On souscrit à la critique du sociologue français et plus généralement à la qualité de son œuvre. Nombre de scientifiques l’ont fait avant les sondeurs. D’autant plus que pour ces derniers, Bourdieu, c’est l’adversaire. Mais un adversaire prestigieux et commode. Comme en témoigne une fois encore la série d’entretiens avec des sondeurs « installés », intitulée « Têtes de sondages » publiée entre fin décembre 2021 et début janvier 2022 par l’Opinion [1].
On pourrait penser qu’il s’agit d’une ignorance tactique. On a plutôt affaire à une ignorance paresseuse car en ne citant que Bourdieu, à propos d’un article tiré d’une conférence prononcée en 1972, toujours le même, mineur dans l’œuvre du sociologue, publié en 1973 [2], ils ne citent jamais l’un des pionniers de la critique des enquêtes d’opinion : le sociologue américain Herbert Blumer. Autant dire que pour eux son « coup d’éclat », une démolition méthodique des enquêtes d’opinion, lors du congrès annuel de l’American Sociological Association de décembre 1947 (quelques mois avant le fiasco sondagier de la présidentielle américaine) n’existe pas [3].

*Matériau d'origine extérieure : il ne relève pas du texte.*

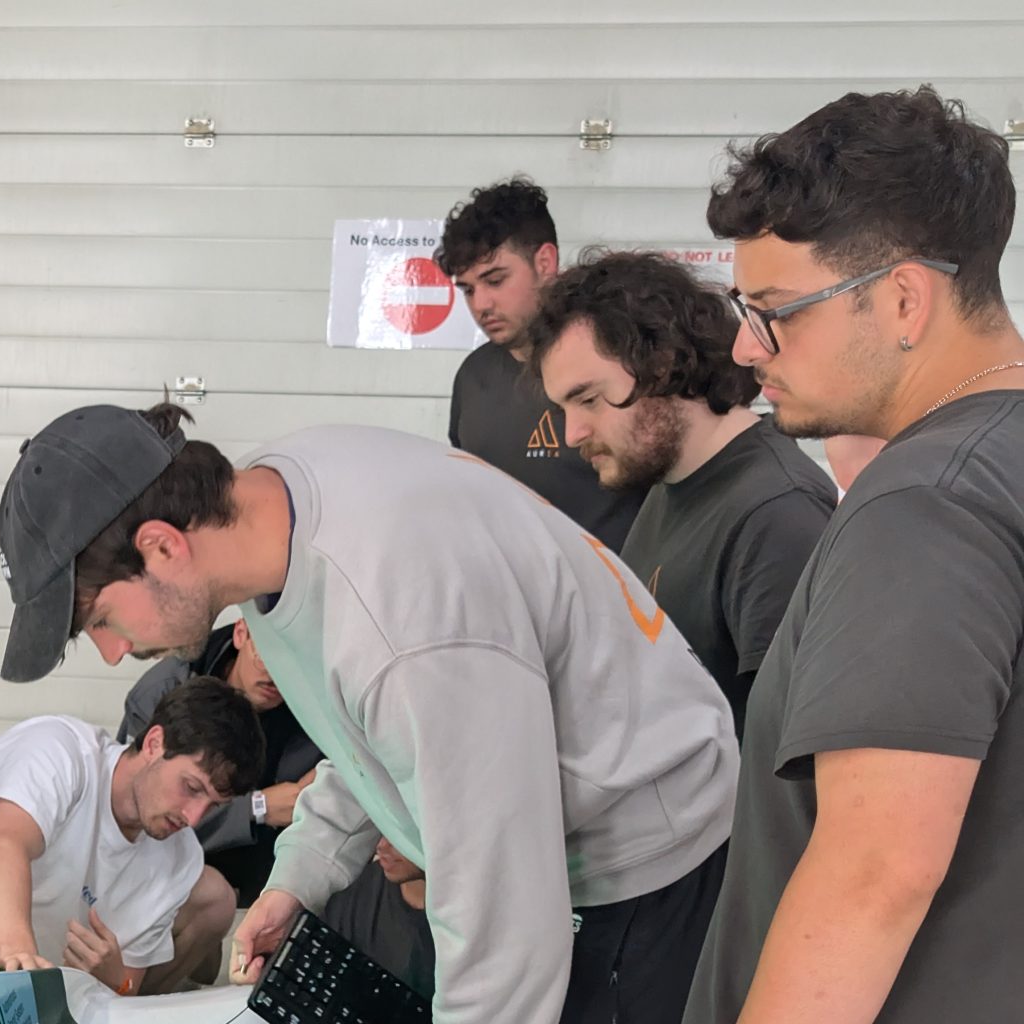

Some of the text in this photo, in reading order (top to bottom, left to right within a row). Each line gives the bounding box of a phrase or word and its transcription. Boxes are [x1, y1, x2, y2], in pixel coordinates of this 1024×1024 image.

[350, 234, 435, 246] No Access to
[685, 251, 712, 262] NOT

Comment expliquer ces « oublis » et le fait qu’ils ne citent jamais non plus les critiques postérieures à celles des deux sociologues ? Ils n’ont manifestement pas le temps de lire, voire peut-être même l’envie. Mais il y a aussi une autre stratégie, complémentaire, une attitude délibérée, quelque peu mesquine mais bien connue des médias : le cimetière. Ils dénient l’existence de toute critique nouvelle. Un indice supplémentaire que les sondeurs n’évoluent pas dans le monde scientifique en respectant ses règles.